Le réalisateur Rafaël Ouellet présente son plus récent métrage - son quatrième - intitulé Camion, ce vendredi dans les salles québécoises. Le film, qui met en vedette Julien Poulin, Patrice Dubois et Stéphane Breton, raconte l'histoire d'un camionneur et de ses deux fils qui se réunissent dans la maison familiale du Bas-St-Laurent après un accident mortel qui a coûté la vie à une automobiliste. On doit aussi à Ouellet les films Le cèdre penché, Derrière moi et New Denmark.

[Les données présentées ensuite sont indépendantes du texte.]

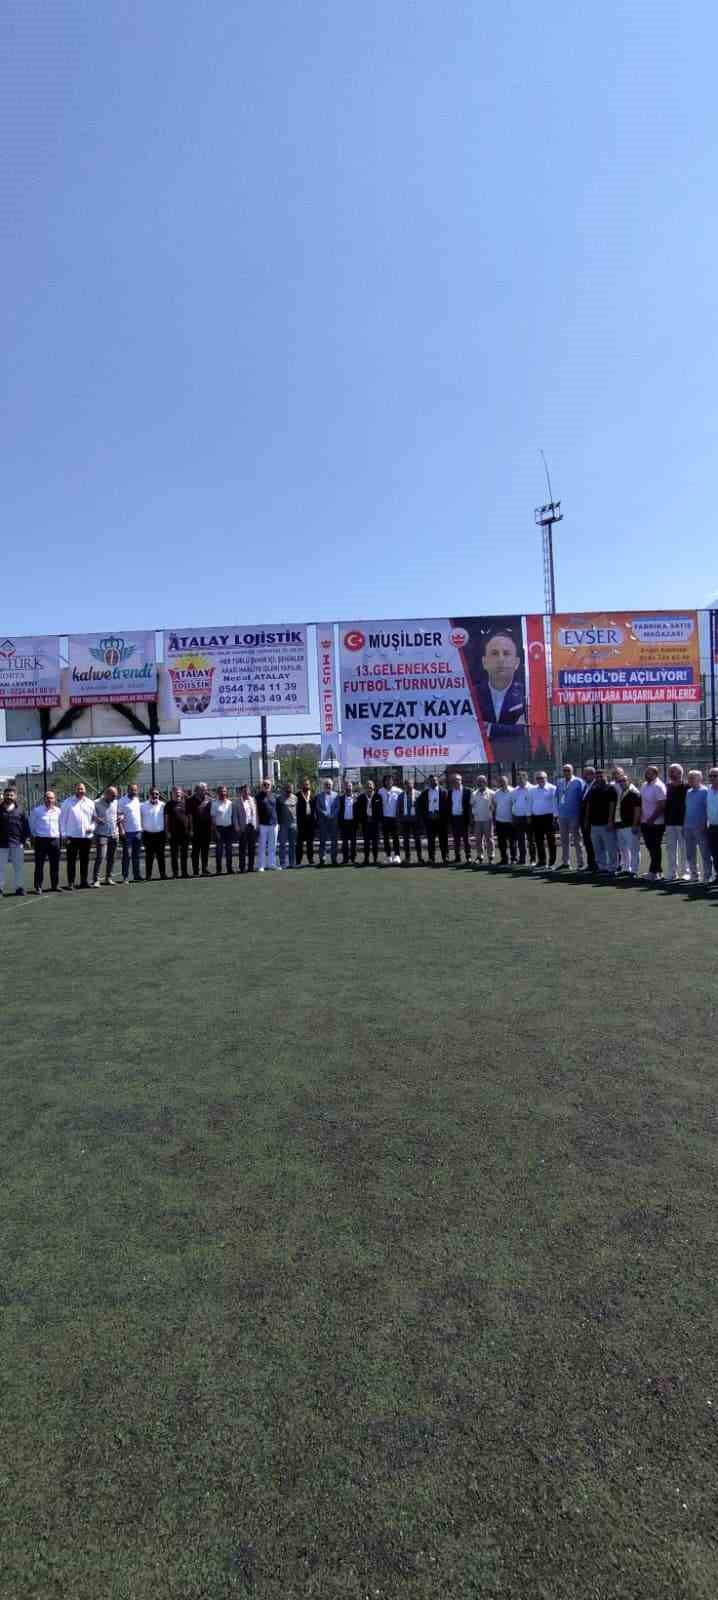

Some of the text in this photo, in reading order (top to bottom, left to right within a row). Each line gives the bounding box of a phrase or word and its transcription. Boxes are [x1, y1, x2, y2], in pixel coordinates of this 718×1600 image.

[168, 630, 304, 650] ATALAY LOJİSTİK
[369, 630, 442, 651] MUŞİLDER
[565, 630, 617, 645] EVSER
[254, 672, 289, 680] ATALAY
[356, 662, 453, 677] 13.GELENEKSEL
[219, 684, 244, 693] 0544
[219, 696, 244, 704] 0224
[345, 699, 473, 719] NEVZAT KAYA
[371, 722, 447, 740] SEZONU
[363, 745, 449, 761] Hoş Geldiniz

Camion a été présenté au Festival de Karlovy Vary plus tôt cette année, où il a remporté le prix de la meilleure réalisation et celui du jury oecuménique. K-Films Amérique en assure la distribution.
« Au départ, Camion c'était un documentaire/court métrage. Mon père, un jour, va fermer son moteur pour la dernière fois, je veux être là... après : est-ce que je le suis toute la journée, toute la semaine ou tout le mois? Est-ce que je l'interviewe? J'ai commencé à travailler là-dedans et à rajouter de la fiction : tiens, un accident, on va scrapper la fin de sa carrière avec un accident. Il vit ça tout seul, c'est plate, je vais rajouter un fils. Le fils ça serait l'fun qu'il puisse en parler à quelque d'autre, donc rajoute un autre fils. Finalement je me rends compte que je n'ai plus du tout un documentaire, j'ai un long métrage et un film de fiction. »

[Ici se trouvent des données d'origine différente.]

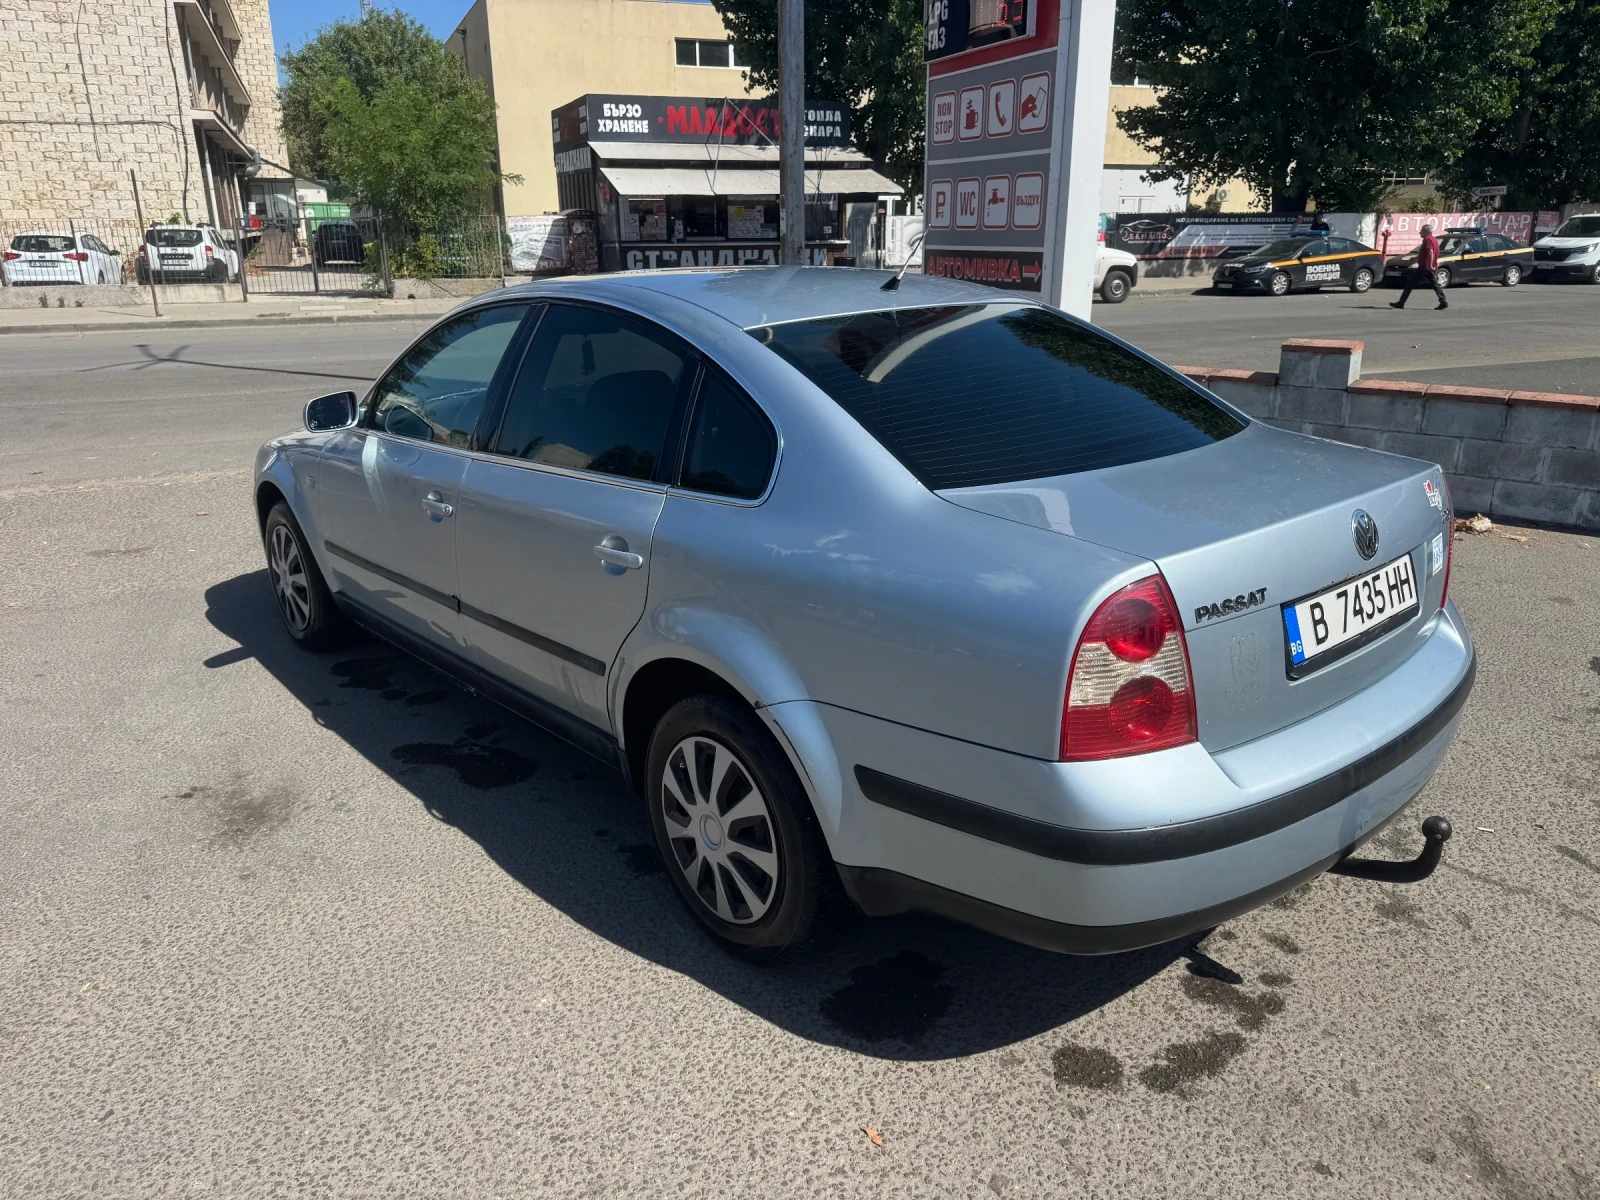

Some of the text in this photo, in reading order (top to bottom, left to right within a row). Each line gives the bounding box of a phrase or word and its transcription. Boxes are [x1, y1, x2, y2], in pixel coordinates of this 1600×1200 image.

[928, 0, 948, 24] LPG
[927, 27, 946, 51] ГАЗ
[603, 103, 642, 118] БЪРЗО
[937, 102, 952, 117] NON
[597, 119, 649, 133] ХРАНЕНЕ
[667, 105, 780, 137] МЛАДОСТ
[935, 120, 953, 135] STOP
[960, 191, 976, 216] WC
[1016, 195, 1040, 207] ВЪЗДУХ
[926, 256, 1022, 283] АВТОМИВКА
[1306, 263, 1341, 274] ВОЕННА
[1306, 272, 1341, 281] ПОЛИЦИЯ
[1195, 587, 1267, 624] PASSAT
[1310, 602, 1329, 645] B
[1291, 641, 1303, 655] BG

« Après, je trouve qu'il y a des traces un peu familiales plates, donc je les efface, par respect pour mon père, pour mon frère, pour moi. Pour en faire un film plus intéressant aussi. »
Quelles expériences sont tirées de tes films précédents? « Mes laboratoires, je suis capable de les faire avec 5000 $, avec 25 000 $ ou avec 400 000 $, comme Derrière moi. Là, je demande 1,4 million $, donc ça serait peut-être le fun de proposer quelque chose que le monde va aller voir, qu'il va avoir envie d'aller voir. Pas de se faire dire : « c'est dont bon mais... c'est pas pour tout le monde ». La plupart de mes films sont décrits comme ça dans les critiques. Là, j'ai envie que le monde y aille. Je n'ai pas le goût de faire des films « commerciaux », mais j'ai envie de faire des films rassembleurs. »
« Ça n'influence pas tant la mise en scène, pas tant le montage, ni le choix de la musique, je garde quand même mes petites touches un peu baveuses; il n'y a pas de musique qui accompagne l'émotion dans les scènes dialoguées, par exemple, la musique est toujours là en interlude, c'est un paquet de petites choses comme ça qui me restent de mes autres films. Des thèmes, des façon de positionner le Kodak, faire confiance à des plans-séquences, faire confiance à des silences, ce sont toutes des choses que j'ai testées dans mes films précédents. »
« Il y a une chose qui a été importante cette fois-ci, c'est de me confronter à de l'émotion. J'ai vraiment fait un step de plus, notamment la scène de chasse, avec des personnages qui pleurent, j'ai essayé d'aller un peu plus loin. C'est nouveau pour moi, comme cinéaste ce sont des choses qui me faisaient peur, peur de tomber dans le quétaine, dans le mélo. J'ai décidé d'y aller, de me faire confiance, je me suis permis d'aller un peu plus loin. Des fois je marche sur la ligne; la finale, on aurait pu tomber dans le quétaine. Sur papier elle était bien plus quétaine. »
Dans tes films précédents, une grande attention était portée aux dialogues et à leur véracité. C'était une grande qualité. Qu'en est-il cette fois-ci? « Juste au niveau de la voix... Julien fait beaucoup de télé, où il y a un rythme rapide, sans temps morts, où ce doit être clair et bien articulé. Patrice, encore plus, il fait du doublage de films, de la pub, ça affecte sa couleur et sa livraison. Stéphane fait beaucoup de théâtre d'été, alors... Ce sont des super bons acteurs, mais c'est d'aller enlever ces couleurs-là. On est arrivé à un langage qui, pour moi, sonne vrai. »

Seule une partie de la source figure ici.